## To do
Produce an exact copy of all the records.

[Stored items]
•••

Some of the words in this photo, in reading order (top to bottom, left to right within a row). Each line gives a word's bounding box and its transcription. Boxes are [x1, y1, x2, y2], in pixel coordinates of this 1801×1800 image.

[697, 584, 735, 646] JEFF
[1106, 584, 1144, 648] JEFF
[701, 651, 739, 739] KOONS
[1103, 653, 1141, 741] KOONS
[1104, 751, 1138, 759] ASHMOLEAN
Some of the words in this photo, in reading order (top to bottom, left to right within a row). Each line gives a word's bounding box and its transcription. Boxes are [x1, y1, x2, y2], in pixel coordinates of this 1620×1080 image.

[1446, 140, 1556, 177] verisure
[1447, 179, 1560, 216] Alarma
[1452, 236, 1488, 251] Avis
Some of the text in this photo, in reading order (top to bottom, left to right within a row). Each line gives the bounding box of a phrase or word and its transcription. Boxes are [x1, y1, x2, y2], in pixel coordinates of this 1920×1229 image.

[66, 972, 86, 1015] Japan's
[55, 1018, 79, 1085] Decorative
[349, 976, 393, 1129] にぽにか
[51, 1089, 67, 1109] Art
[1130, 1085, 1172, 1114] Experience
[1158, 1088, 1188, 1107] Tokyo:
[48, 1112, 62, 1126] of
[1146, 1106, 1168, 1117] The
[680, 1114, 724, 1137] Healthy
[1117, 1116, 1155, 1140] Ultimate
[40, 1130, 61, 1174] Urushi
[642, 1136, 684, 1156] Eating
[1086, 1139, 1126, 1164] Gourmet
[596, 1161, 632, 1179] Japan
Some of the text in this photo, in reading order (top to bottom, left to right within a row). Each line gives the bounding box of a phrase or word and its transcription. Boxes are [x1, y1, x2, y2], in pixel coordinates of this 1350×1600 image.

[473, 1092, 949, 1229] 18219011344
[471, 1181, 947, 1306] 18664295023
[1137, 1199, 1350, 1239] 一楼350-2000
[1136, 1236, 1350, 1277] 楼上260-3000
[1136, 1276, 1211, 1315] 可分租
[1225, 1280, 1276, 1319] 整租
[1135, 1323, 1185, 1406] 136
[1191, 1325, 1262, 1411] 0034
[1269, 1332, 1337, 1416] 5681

•••

## Completed task
Some of the words in this photo, in reading order (top to bottom, left to right within a row). Each line gives a word's bounding box and its transcription. Boxes are [x1, y1, x2, y2], in pixel coordinates of this 1801×1800 image.

[697, 584, 735, 646] JEFF
[1106, 584, 1144, 648] JEFF
[701, 651, 739, 739] KOONS
[1103, 653, 1141, 741] KOONS
[1104, 751, 1138, 759] ASHMOLEAN
Some of the words in this photo, in reading order (top to bottom, left to right within a row). Each line gives a word's bounding box and its transcription. Boxes are [x1, y1, x2, y2], in pixel coordinates of this 1620×1080 image.

[1446, 140, 1556, 177] verisure
[1447, 179, 1560, 216] Alarma
[1452, 236, 1488, 251] Avis
Some of the text in this photo, in reading order (top to bottom, left to right within a row). Each line gives the bounding box of a phrase or word and its transcription. Boxes are [x1, y1, x2, y2], in pixel coordinates of this 1920×1229 image.

[66, 972, 86, 1015] Japan's
[55, 1018, 79, 1085] Decorative
[349, 976, 393, 1129] にぽにか
[51, 1089, 67, 1109] Art
[1130, 1085, 1172, 1114] Experience
[1158, 1088, 1188, 1107] Tokyo:
[48, 1112, 62, 1126] of
[1146, 1106, 1168, 1117] The
[680, 1114, 724, 1137] Healthy
[1117, 1116, 1155, 1140] Ultimate
[40, 1130, 61, 1174] Urushi
[642, 1136, 684, 1156] Eating
[1086, 1139, 1126, 1164] Gourmet
[596, 1161, 632, 1179] Japan
Some of the text in this photo, in reading order (top to bottom, left to right within a row). Each line gives the bounding box of a phrase or word and its transcription. Boxes are [x1, y1, x2, y2], in pixel coordinates of this 1350×1600 image.

[473, 1092, 949, 1229] 18219011344
[471, 1181, 947, 1306] 18664295023
[1137, 1199, 1350, 1239] 一楼350-2000
[1136, 1236, 1350, 1277] 楼上260-3000
[1136, 1276, 1211, 1315] 可分租
[1225, 1280, 1276, 1319] 整租
[1135, 1323, 1185, 1406] 136
[1191, 1325, 1262, 1411] 0034
[1269, 1332, 1337, 1416] 5681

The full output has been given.